First a few words about my goals. This is not the only keyboard I use, and not even the most often used one, so my main concern is the ease of memorizing which key does what. It’s regular QWERTY, and I have tried to keep the relative positions of the keys as close to a standard 101 keys keyboard as possible. I also tried to make each key work the same way with modifiers as it does on a standard keyboard — so, for example, if a given combination sends a “1”, then that combination with a Shift pressed will send a “!”.
Let’s start with the default layer. It’s pretty straightforward:
If you compare it with a default Planck layout, you will notice several differences:
- the Esc and Tab keys are swapped, to make them retain the relative positions
- the arrow key block is T-shaped instead of one row, for the same reason
- the “/?” key had to be moved to make room for the up arrow, and Enter got pushed to its normal position
- the modifier keys are moved to their normal positions, and a Del key is added
- a right Alt key is added, because I need it to write Polish accented characters
- the semicolon/colon key is replaced with the quote key, because I use the single quote a lot when writing English, and colon is not used as often.

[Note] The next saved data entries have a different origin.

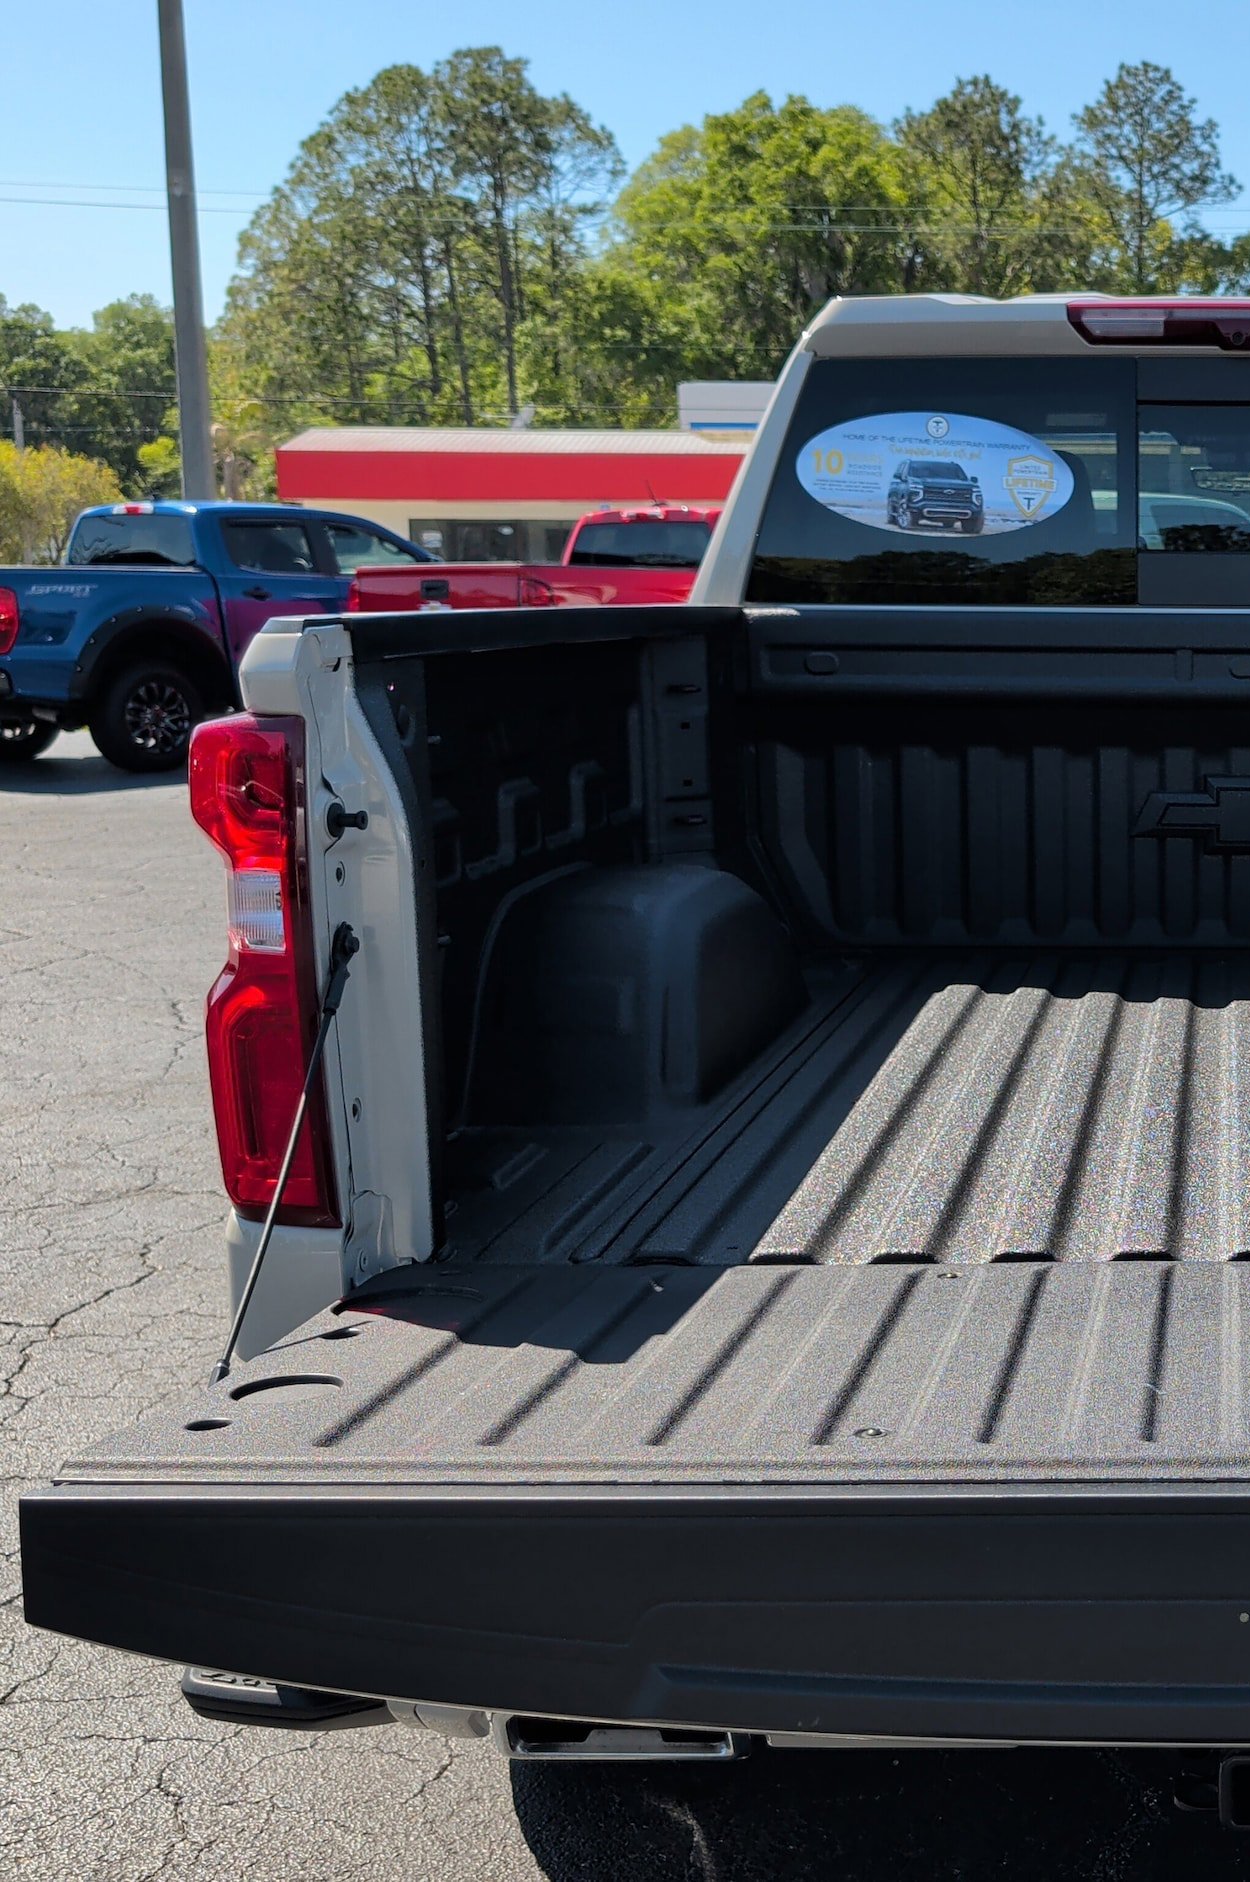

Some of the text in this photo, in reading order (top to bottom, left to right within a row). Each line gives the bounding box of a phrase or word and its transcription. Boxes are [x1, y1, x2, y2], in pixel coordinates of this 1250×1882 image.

[899, 437, 930, 445] LIFETIME
[987, 442, 1031, 450] WARRANTY
[812, 448, 844, 475] 10
[1005, 478, 1055, 490] LIFETIME
[1023, 497, 1036, 511] T
[26, 584, 99, 595] SPORT
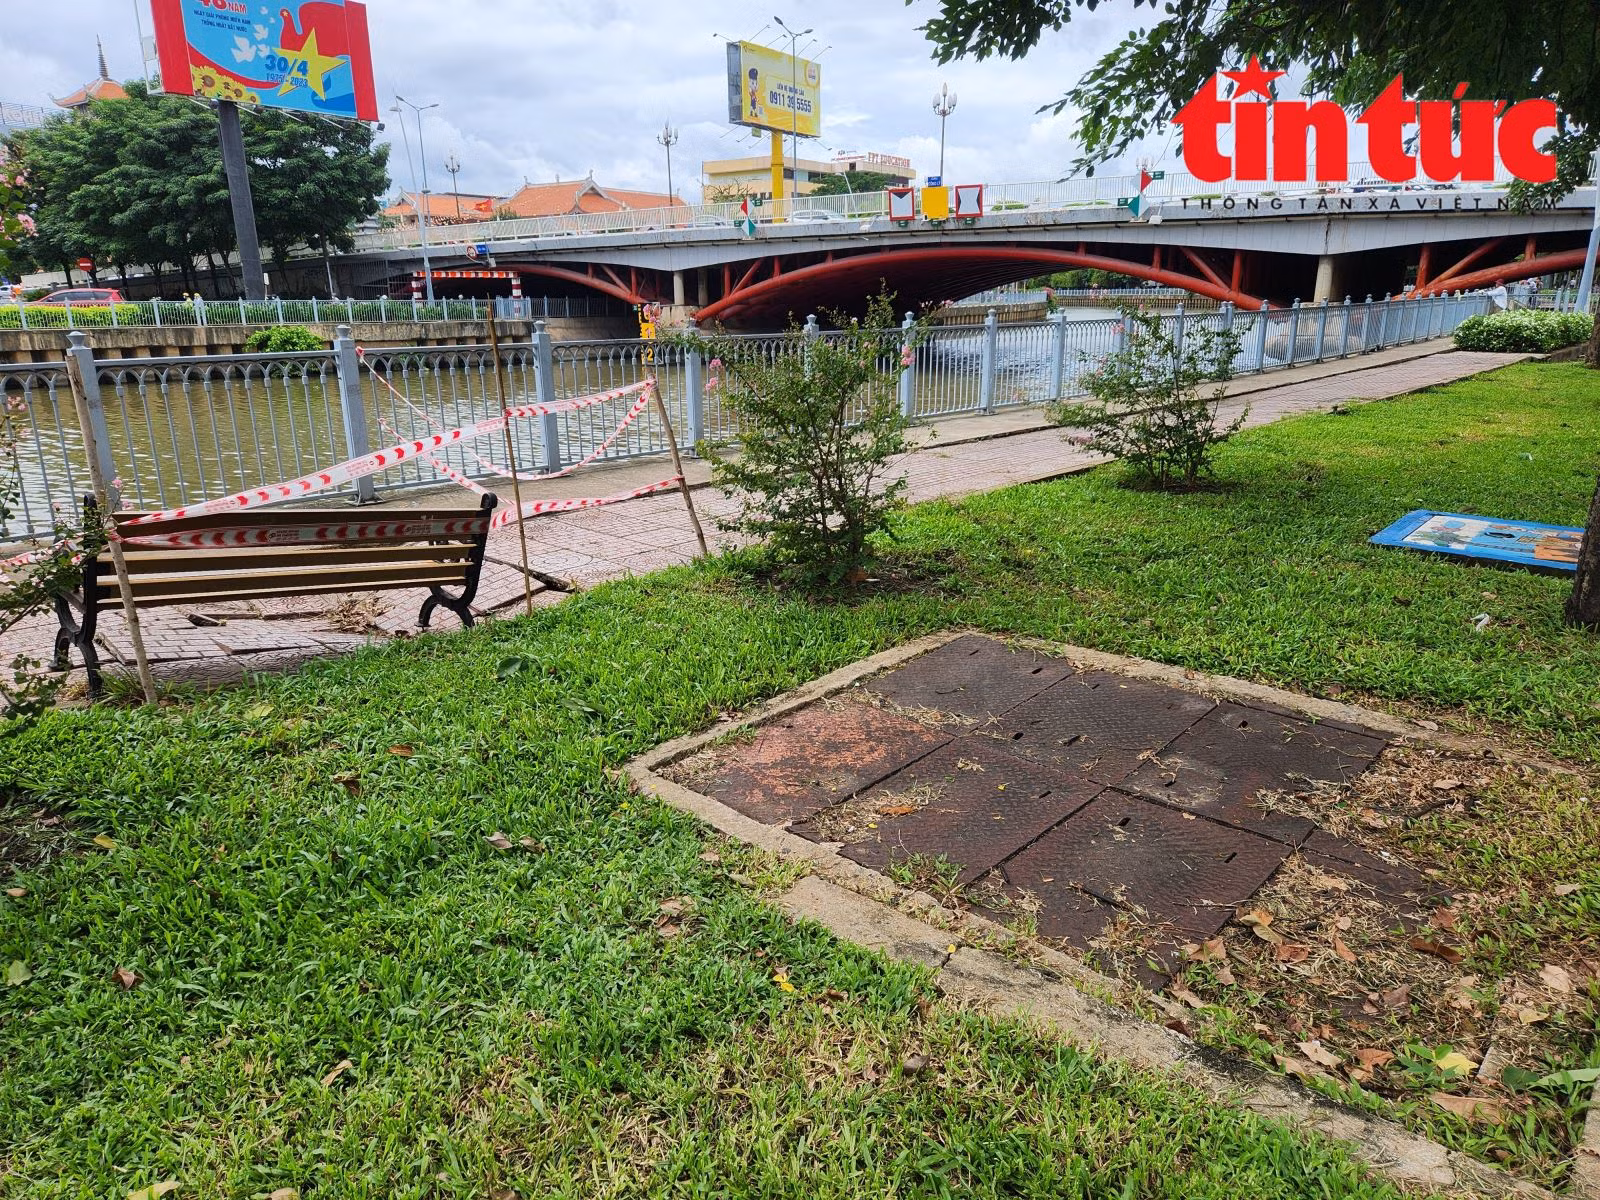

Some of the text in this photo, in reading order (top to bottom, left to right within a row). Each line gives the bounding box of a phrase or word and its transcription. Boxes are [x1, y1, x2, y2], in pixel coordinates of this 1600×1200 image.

[265, 54, 308, 76] 30/4
[769, 90, 785, 106] 0911
[796, 97, 812, 113] 5555
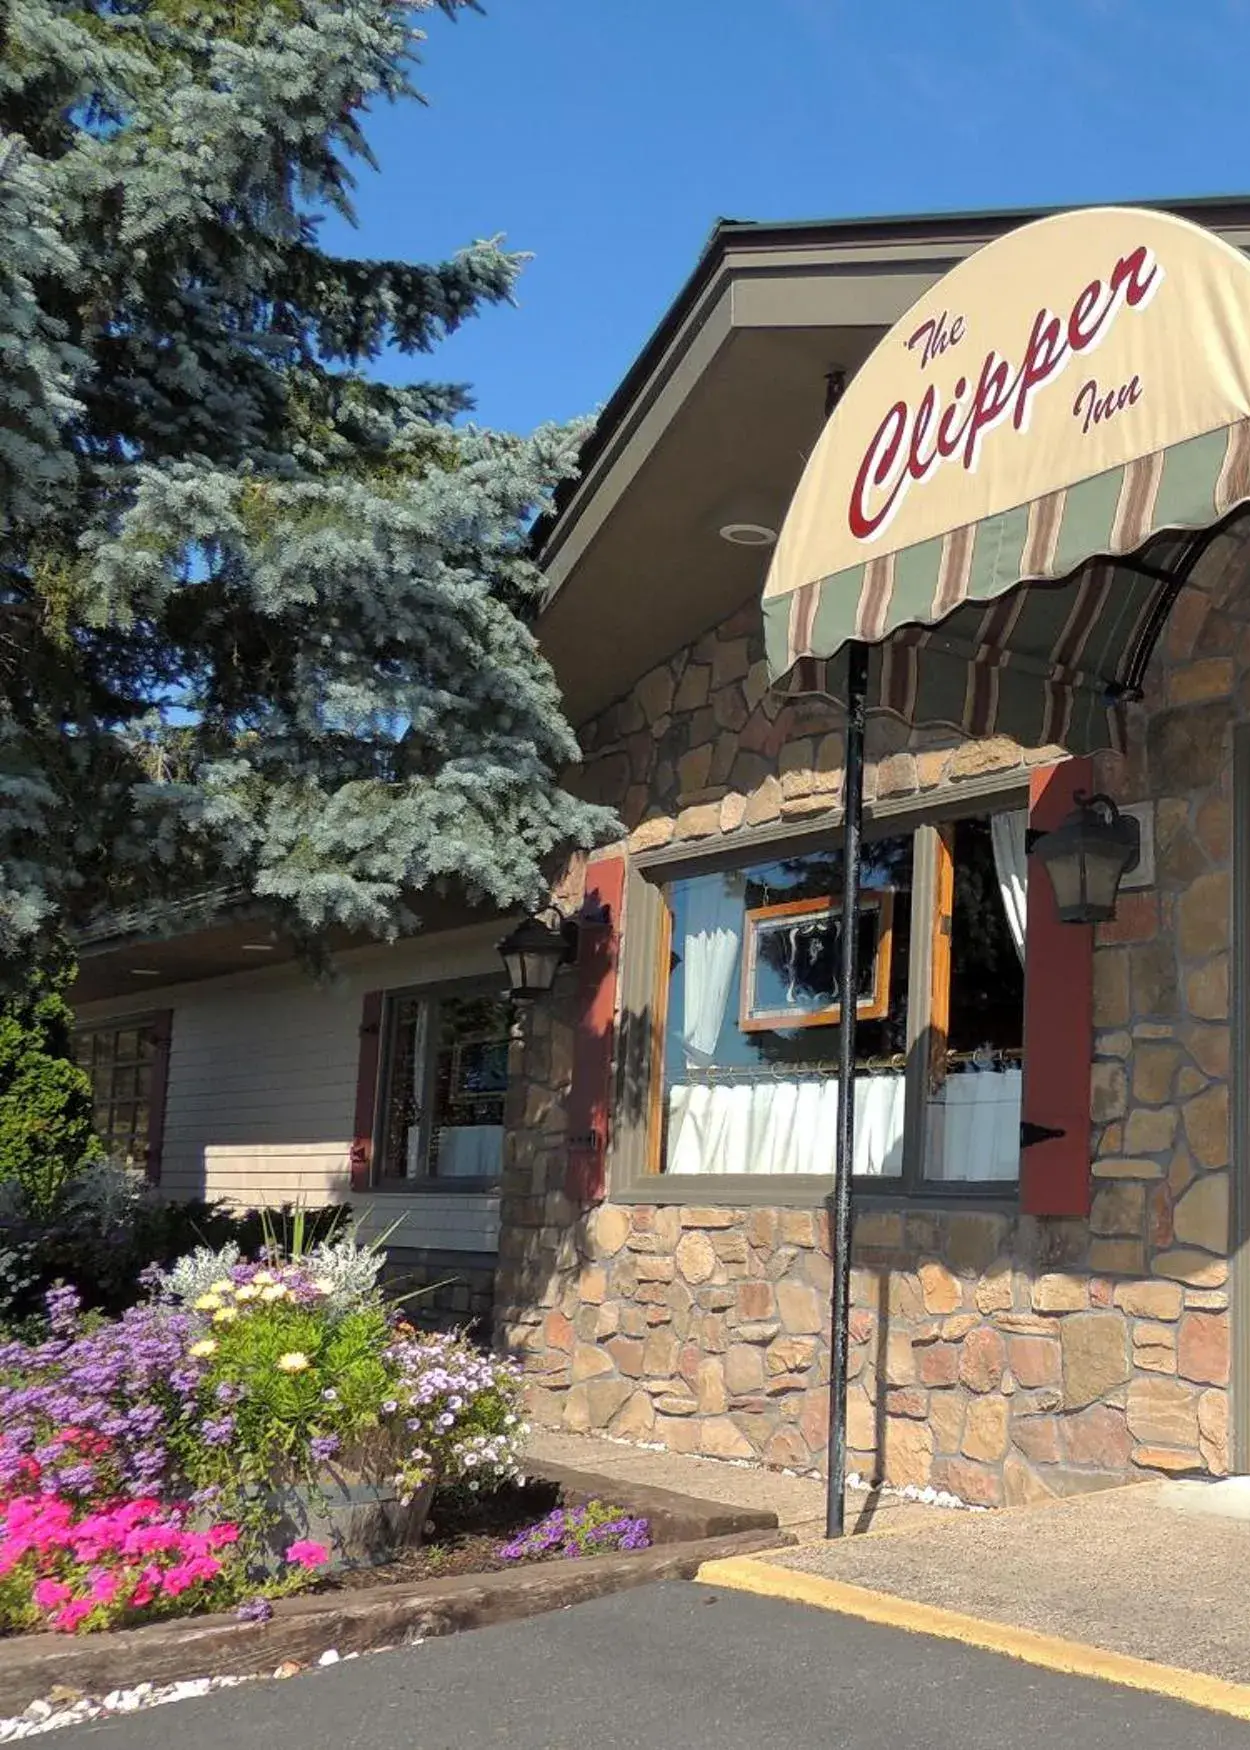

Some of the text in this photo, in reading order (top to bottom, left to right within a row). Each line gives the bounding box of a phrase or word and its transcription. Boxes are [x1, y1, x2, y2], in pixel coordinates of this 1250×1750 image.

[904, 310, 965, 369] The
[849, 246, 1160, 540] Clipper
[1073, 375, 1143, 434] Inn
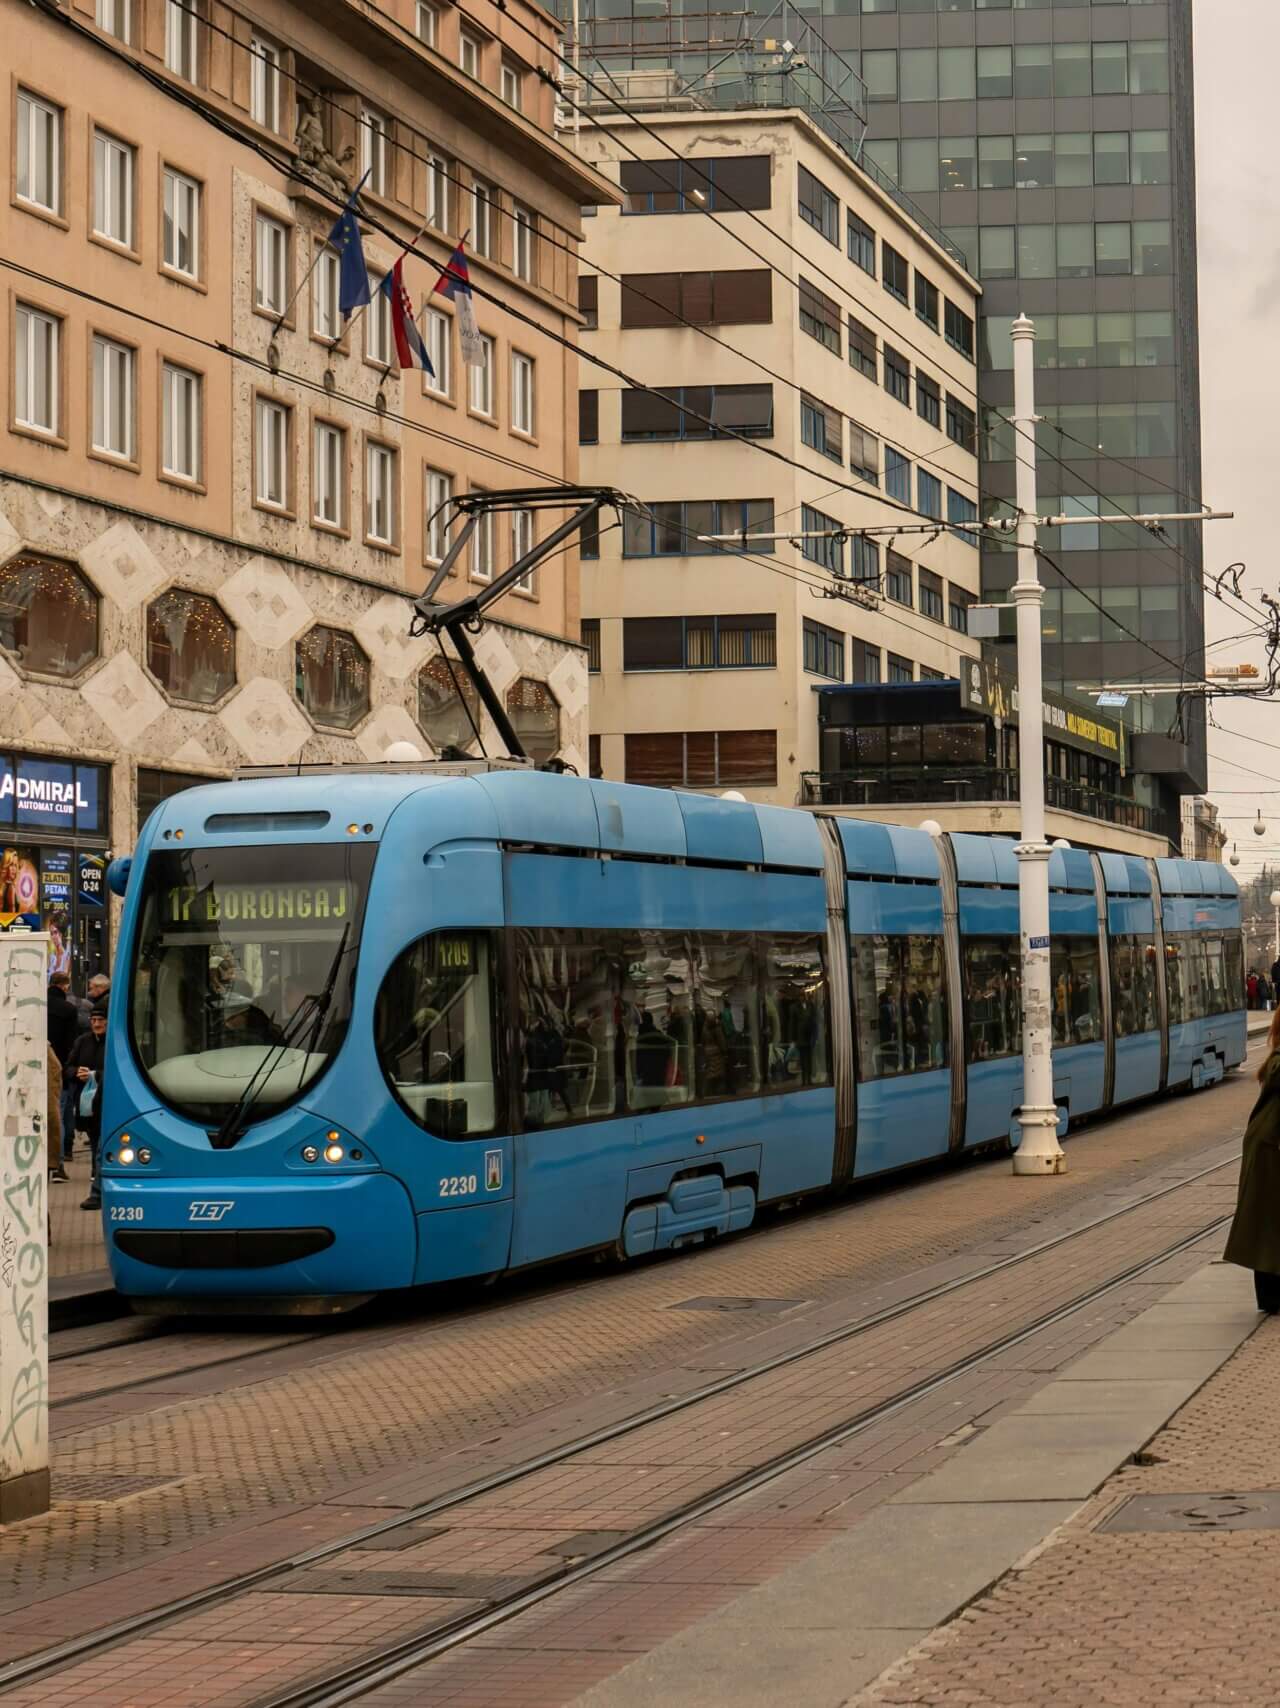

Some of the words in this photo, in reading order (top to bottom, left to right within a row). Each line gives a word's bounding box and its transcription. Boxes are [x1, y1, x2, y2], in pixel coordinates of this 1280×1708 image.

[0, 773, 88, 807] ADMIRAL
[18, 800, 53, 812] AUTOMAT
[55, 804, 74, 814] CLUB
[81, 868, 101, 880] OPEN
[44, 885, 67, 895] PETAK
[83, 881, 99, 892] 0-24
[168, 887, 196, 921] 17
[206, 888, 347, 921] BORONGAJ
[439, 1174, 477, 1197] 2230
[110, 1206, 144, 1221] 2230
[188, 1200, 235, 1221] ZET

- raise/lower are swapped, so that I can type digits 1-5 using only my left hand — this is useful in games
Obviously the Del key is out of place here, but I really need it (together with Ins this is how I cut/copy/paste text), and since it’s the default layer, it gets a legend, so it’s easy to find.
Next, let’s look at the digits, function keys and cursor movement keys:
I decided to put the digits on the home row. This has several advantages. First, it lets me use the entire top row for the function keys, without having to wrap them or do some other strange things with them. Second, it makes the digits and symbols really easy to type, which is important for a programmer like me. The cursor movement keys are placed the same as on most laptops — it’s not ideal, but it’s easy to remember.
Now, let’s place all the missing symbol keys:
Again, I tried to place the keys as close to their normal position as possible. There is an exception for the minus and equals keys, which are in a “wrapped” position from their usual place, but this is common in all Planck keyboards. Also, the braces are on the same keys as angle brackets, so that they are easy to remember.
The CapsLock key is on the Shift, which I think is logical, and the Ins key is on Del, because they make a pair.
Finally, I have the ZXCVB keys free for any media keys or special functions I might want, as well as the lowered versions of the function keys. Usually I would put Alt+F4 on the F4, for example.
If there is interest, I can post a similar reasoning for my 40% keyboard as well.